Questa ricorrenza può avvicinare le persone?

«Sono scettica. La paura del virus è tale che c’è un distanziamento umano, oltre che sociale. Il tempo delle canzoni sui balconi è finito. Ora dilaga la cultura del sospetto. Basta fare la coda al supermercato: se non indossi la mascherina o i guanti, le persone diventano ostili e ti giudicano, ostentando conoscenze mediche. Come fai a spiegare a questi laureati da tastiera che persino le autorità rilasciano dichiarazioni contrastanti sull’uso dei dispositivi di protezione?»

È mai esistito un 25 aprile nella storia della medicina?

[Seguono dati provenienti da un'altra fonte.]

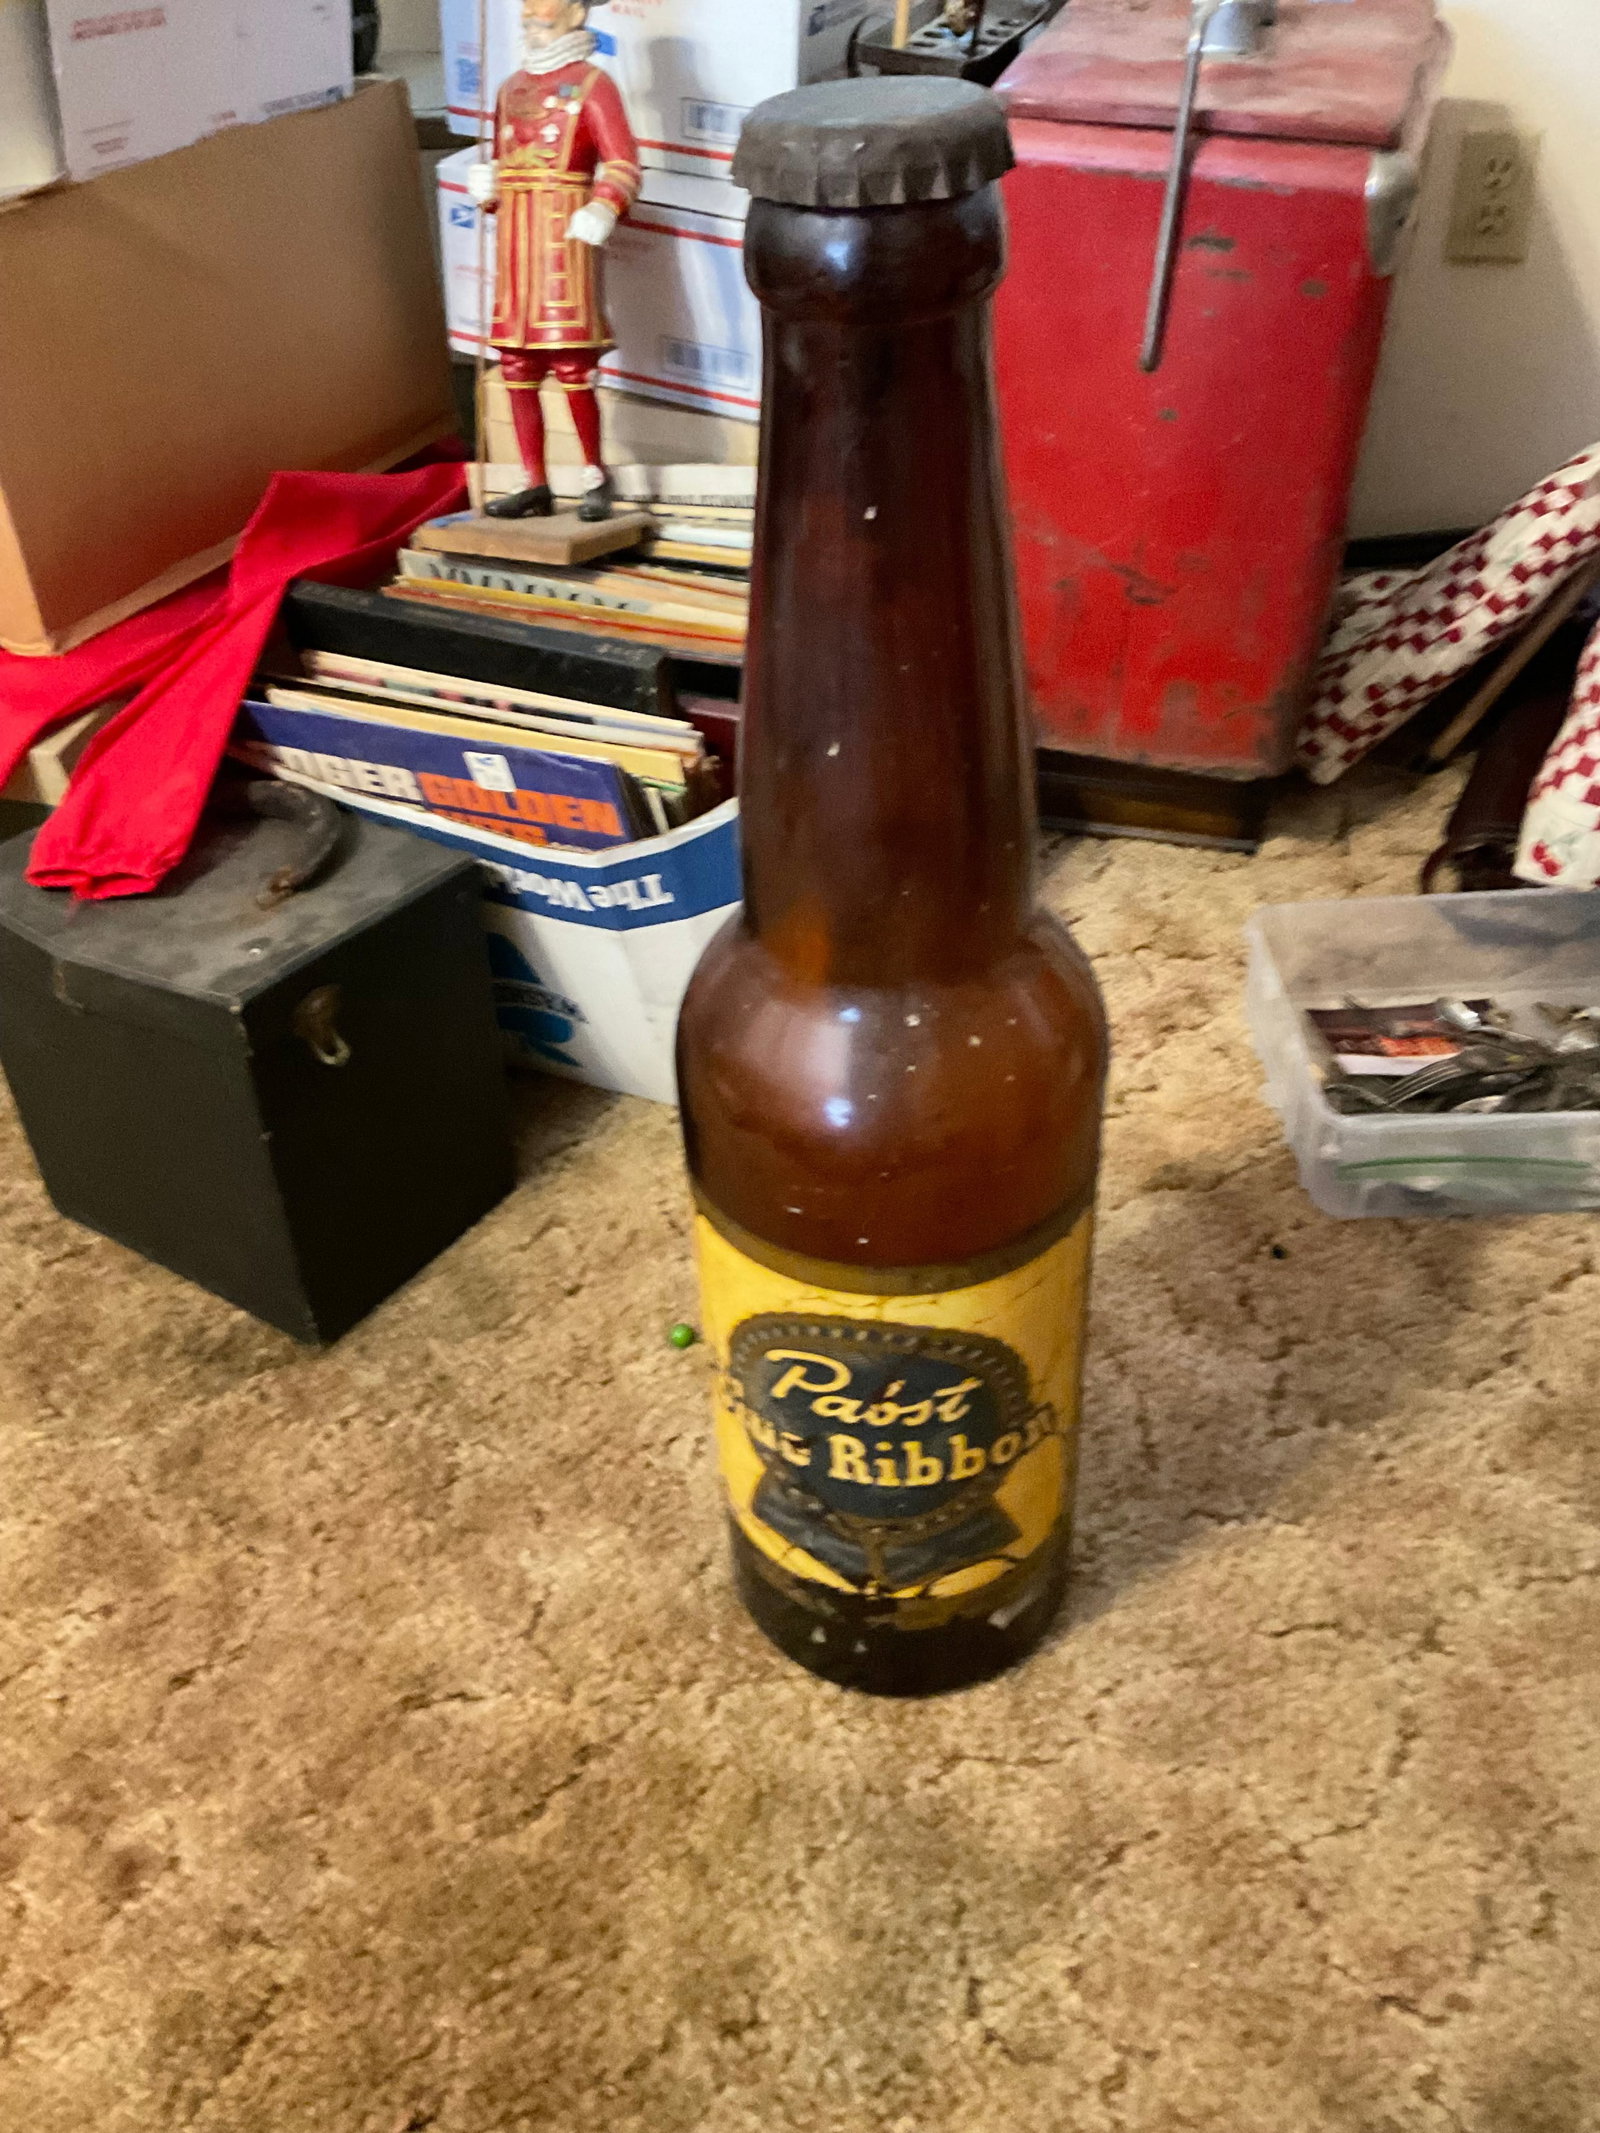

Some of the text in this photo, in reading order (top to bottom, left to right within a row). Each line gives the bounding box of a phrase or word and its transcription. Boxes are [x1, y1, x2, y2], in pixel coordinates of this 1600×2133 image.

[417, 772, 624, 836] GOLDEN
[586, 873, 675, 911] The
[827, 1405, 1055, 1487] Ribbon

«Non è possibile fare un paragone. Si può affermare che negli ultimi decenni il mondo scientifico ha iniziato un processo di liberazione da stereotipi e discriminazioni di genere. Il contesto storico in cui sono cresciuta mi ha permesso di fare scelte e realizzarmi professionalmente. Faccio il medico e ho una specializzazione in chirurgia, una branca da sempre riservata agli uomini. Una rivoluzione culturale se pensiamo a ottanta anni fa. Ma la strada verso la parità è ancora lunga. Per una donna ricavarsi uno spazio di crescita rimane più complesso rispetto a un collega maschio. Spesso viene delegittimata dagli stessi pazienti, che vedono nel dottore con barba e cravatta l’unica figura di riferimento. L’ho sperimentato con dolore sulla mia pelle, ma bisogna essere consapevoli delle proprie capacità e rifiutare questi retaggi culturali».

«Libera da stereotipi e discriminazioni»

Cosa significa resistenza per un medico?

«Non ritenersi un eroe per aver salvato delle vite, né un partigiano che deve compiere una missione. Vuol dire fare il proprio lavoro, senza perdere l’interesse verso un altro essere umano».